Tu recuerdo terminó por dejarme solo. Ha pasado un año, y sólo hasta hoy, que tu reminiscencia viene a mí, siento que he vivido una noche. Ha sido una carta la culpable de que te traiga a mis memorias, una carta que te pedía vinieras y me acompañaras un sábado, una noche, que jugáramos billar, que nos tomáramos del brazo y que ojalá mi mano conservara por muchas semanas, en la que no la lavaría, tu aroma. Y aunque lavé mi mano, me bastó con oler una vez tus cabellos para conservar de por vida tu aroma. Un aroma como a cielo nocturno o a nube solitaria, un aroma que me envolvía, y tan sólo un suspiro bastaba para ser viajero en un mundo que sólo tú podías enseñarme; y un exhalar me devolvía a una realidad que, para mi fortuna, estuvo siempre adornada por tu mirar.

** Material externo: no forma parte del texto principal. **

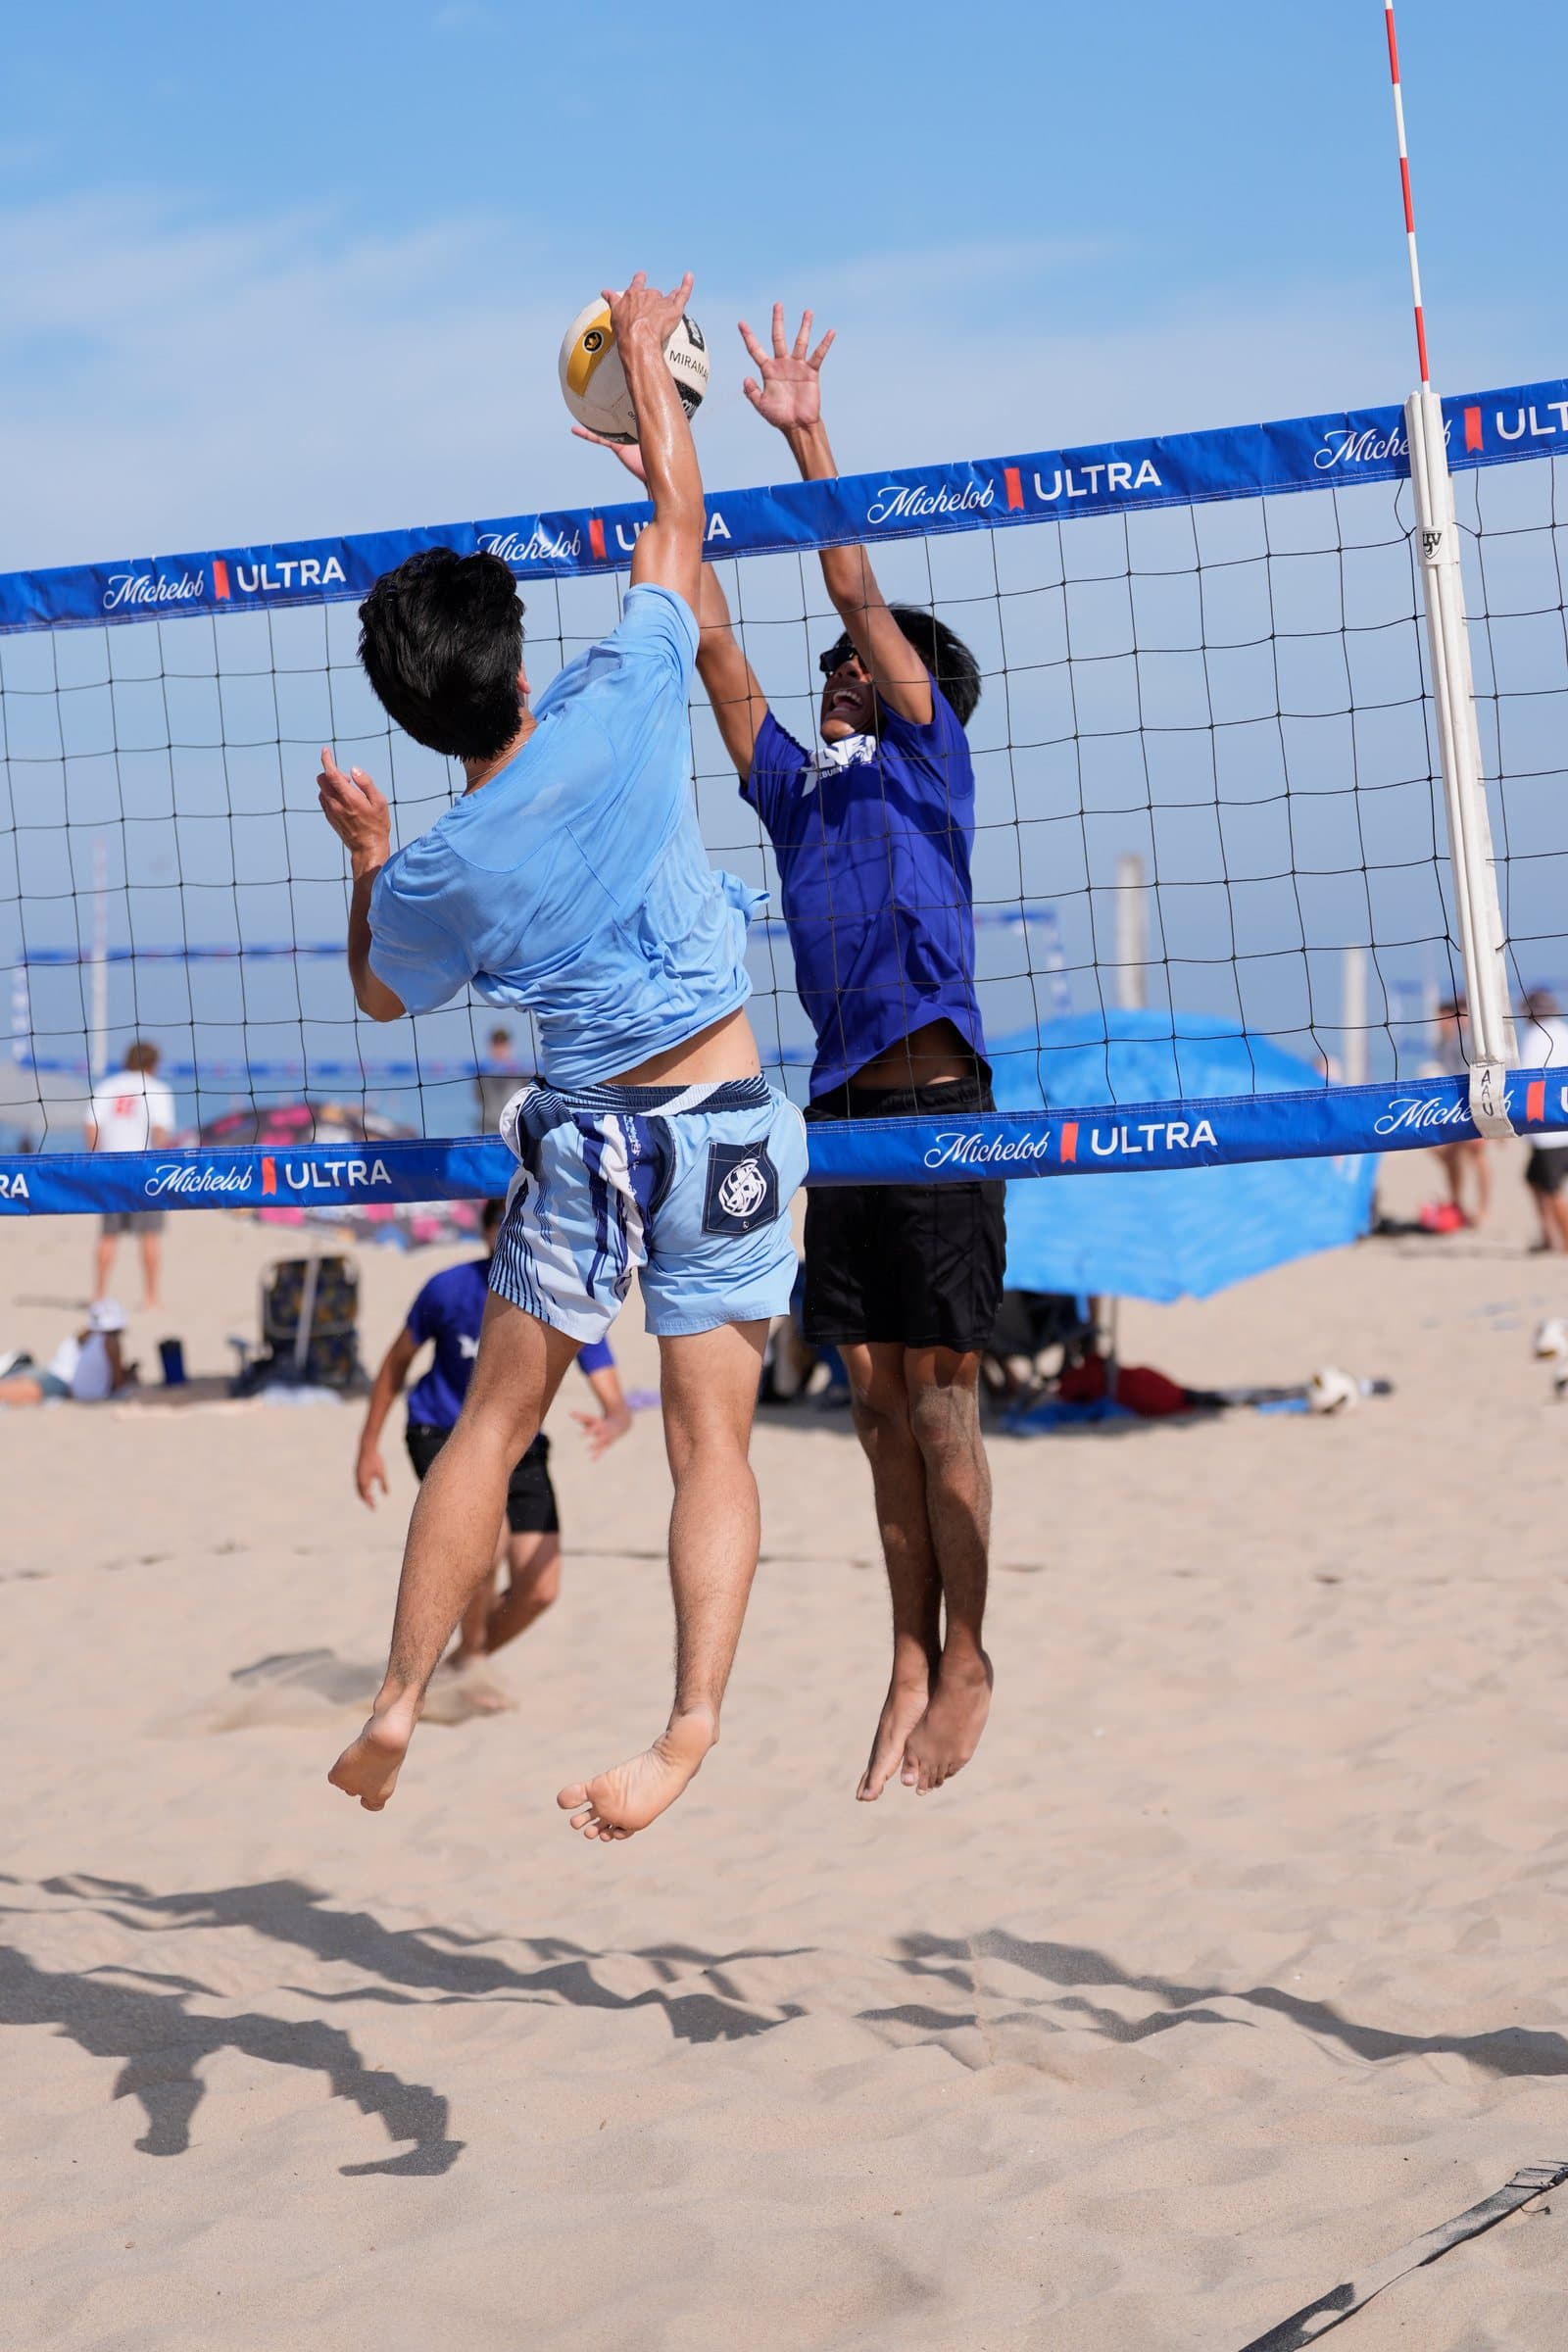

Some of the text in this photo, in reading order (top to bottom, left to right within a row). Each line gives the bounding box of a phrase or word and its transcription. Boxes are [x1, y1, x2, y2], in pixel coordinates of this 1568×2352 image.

[1313, 401, 1568, 469] Micheb ULT
[867, 460, 1161, 524] Michelob ULTRA
[476, 529, 581, 563] Michelob
[103, 557, 346, 610] Michelob ULTRA
[1374, 1089, 1515, 1135] Micheb
[924, 1120, 1218, 1168] Michelob ULTRA
[144, 1159, 393, 1197] Michelob ULTRA

Hoy es mi primera noche, y ha pasado un año. Hoy mi noche tiene estrellas, unas estrellas que brillan, inútilmente, más y más, tratando de desviar mi mirada hacia ellas, intentando separarla de ti, que no estás allá, en ese cielo negro con pequeños puntos luminosos, compitiendo con tu belleza contra ellas, seduciendo mis noches con tu sonrisa, apagando la hermosura de las estrellas con tus caricias.
Ven, por favor, Katherine, enséñame tus ojos verdes incapaces de admirar por su cuenta su propia belleza, esos ojos que me miraban con lujuria, seductores, y que me retaban a mí, poeta o intento de escritor, a buscar y encontrar las palabras únicas, indicadas para describir esa hermosura que para las hombres estuvo prohibida hasta que yo la encontré o hasta que tú me la enseñaste.
El tiempo es un secuaz que se convierte en enemigo, un secuaz que cuando le da el arrebato de atormentar la existencia del hombre, lo hace con tal frialdad y facilidad, que termina siempre consiguiendo su objetivo: Desgarrando el alma de quien recuerda
para amar o de quien recuerda para olvidar.
Cómo no acordarse uno de esa noche en la que quise que mis besos fueran tuyos, nuevamente, inconsciente de que para ti ya eran inútiles. Pero a mí nadie me lo advirtió, nadie me lo dio a saber. Nadie me dijo que en vez de las rosas, mis besos creaban en ti esa clase de hierba –maleza- que envenena el alma, que llena de un verde superfluo la vida, que mancha de café a la muerte. Nadie me dijo que sería torpe seguir queriéndote en la realidad de mis sueños, seguirte viendo como la cura a la desesperación de mi alma, mi alma que grita y que no escuchan.
Miro hacia el espejo, pero ya hoy no le creo. Hoy sé que lo que en él se refleja, seguramente con mucho esfuerzo, es sólo un espejismo ocasionado por el desasosiego en el que he transfigurado a la noche. No lo soporto más; tú allá, reflejada, y yo acá, tocando y acariciando el aire, simulándolo como tu cuerpo. Tu cuerpo tan puro, tan seductor, tan atractivo, me atormenta, y aun así, deseo ir por ese camino tan doloroso en el que, indudablemente, encuentro la purificación de mi alma. Voy por ese camino, por el que me conduce tu cuerpo, que me lleva a nada diferente que a la tribulación del hombre enamorado, que es encontrado, perdido y desolado, en el mar de tu indiferencia, indiferencia a la que llamaste amor.
-Jhoan, deja de beber y alucinar- me grita mi mamá, enfurecida, mientras alza una de sus chancletas para darme una caricia en la espalda. Me limpio las babas notorias, secas, blancas, que tengo en la boca. Recojo la botella que está caída en mi escritorio, me tomo la última gota, si acaso la hay, de licor; y al creerme capaz de destruir y crear, insolente, lanzo contra el maldito espejo empolvado en el que sigo viendo tu reflejo la botella vacía, y lo destruyo, sabiendo que en segundos, los tantos reflejos que han nacido con cada pedazo de espejo quebrado, se irán a la basura con mi botella vacía, mis alucinaciones, el polvo y el vidrio roto.